Dr. Khattak used the ‘big bubble technique’ to perform the delicate surgery needed to correct this disease. Also known as Deep Anterior Lamellar Keratoplasty, the technique enabled her to remove the damaged layers of the cornea and leave the innermost endothelial layer.

Prior to Dr. Khattak’s arrival, JHAH referred one patient with keratoconus every month to either the King Khalid Eye Specialist Hospital or to an eye hospital in Dubai. For those who meet the criteria, this procedure, which only recently replaced full thickness corneal transplant, is an outpatient procedure providing faster recovery time, minimal risk of graft rejection and better results for the patient.

Sutureless eye surgery 

Saleh Saud Al-Rabou also had life-changing eye surgery at JHAH. He went from only being able to count fingers from a maximum of three feet away in one eye, to 20/40 vision in that same eye within one week of surgery.

Al-Rabou underwent the first sutureless scleral fixated intraocular lens (SFIOL) implant at JHAH, one of only a few sutureless SFIOLs that have been performed in the region. “His vision was very poor due to the lens having been removed during a previous cataract surgery,” said Dr. Khattak. “Dr. Alaa Hatoum and I performed sutureless SFIOL to correct the problem.”

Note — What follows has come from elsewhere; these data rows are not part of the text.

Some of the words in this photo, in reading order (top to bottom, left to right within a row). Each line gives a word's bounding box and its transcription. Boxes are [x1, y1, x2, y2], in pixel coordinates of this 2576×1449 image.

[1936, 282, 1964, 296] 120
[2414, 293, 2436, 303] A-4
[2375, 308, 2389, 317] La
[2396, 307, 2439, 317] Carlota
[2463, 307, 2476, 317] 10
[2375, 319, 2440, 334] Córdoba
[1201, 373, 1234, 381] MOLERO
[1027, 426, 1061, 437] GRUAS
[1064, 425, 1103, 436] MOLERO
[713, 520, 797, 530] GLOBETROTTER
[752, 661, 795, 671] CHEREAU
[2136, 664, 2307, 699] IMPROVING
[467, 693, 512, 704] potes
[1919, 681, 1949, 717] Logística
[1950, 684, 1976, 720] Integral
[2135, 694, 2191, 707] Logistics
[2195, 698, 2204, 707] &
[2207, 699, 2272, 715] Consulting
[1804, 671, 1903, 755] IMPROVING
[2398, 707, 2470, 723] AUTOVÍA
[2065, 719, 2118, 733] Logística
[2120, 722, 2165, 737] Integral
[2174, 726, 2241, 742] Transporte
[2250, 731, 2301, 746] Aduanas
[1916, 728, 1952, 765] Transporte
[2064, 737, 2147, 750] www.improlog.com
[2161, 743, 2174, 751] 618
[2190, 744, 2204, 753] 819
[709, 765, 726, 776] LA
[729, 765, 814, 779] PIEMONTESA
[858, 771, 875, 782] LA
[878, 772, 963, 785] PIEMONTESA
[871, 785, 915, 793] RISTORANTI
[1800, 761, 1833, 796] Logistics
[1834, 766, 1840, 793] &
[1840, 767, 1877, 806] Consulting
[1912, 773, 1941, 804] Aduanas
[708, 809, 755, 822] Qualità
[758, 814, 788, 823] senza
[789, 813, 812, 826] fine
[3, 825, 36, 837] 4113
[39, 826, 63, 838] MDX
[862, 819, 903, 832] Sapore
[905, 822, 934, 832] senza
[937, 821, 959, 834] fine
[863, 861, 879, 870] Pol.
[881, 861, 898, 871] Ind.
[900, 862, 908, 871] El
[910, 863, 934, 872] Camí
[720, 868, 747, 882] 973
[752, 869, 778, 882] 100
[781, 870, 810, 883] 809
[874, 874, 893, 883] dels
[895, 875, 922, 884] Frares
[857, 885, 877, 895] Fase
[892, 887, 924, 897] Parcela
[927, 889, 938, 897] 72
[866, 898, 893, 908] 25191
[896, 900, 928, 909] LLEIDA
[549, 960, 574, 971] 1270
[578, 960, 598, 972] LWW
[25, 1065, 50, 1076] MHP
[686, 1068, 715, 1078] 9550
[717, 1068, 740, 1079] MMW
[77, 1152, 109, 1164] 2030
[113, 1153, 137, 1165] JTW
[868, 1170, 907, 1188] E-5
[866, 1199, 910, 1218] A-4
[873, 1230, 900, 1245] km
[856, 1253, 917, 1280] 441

A sutureless SFIOL is a complex surgery that involves attaching the lens to the scleral, the white portion of the eye, using a special glue. Traditional SFIOLs involve making a large incision and then suturing the lens in place. The benefits of the sutureless technique are better vision, long-term stability and reduced recovery time.

“I went back for a follow-up appointment a week after the surgery,” said Al-Rabou. "I was very happy. Now I can read again.”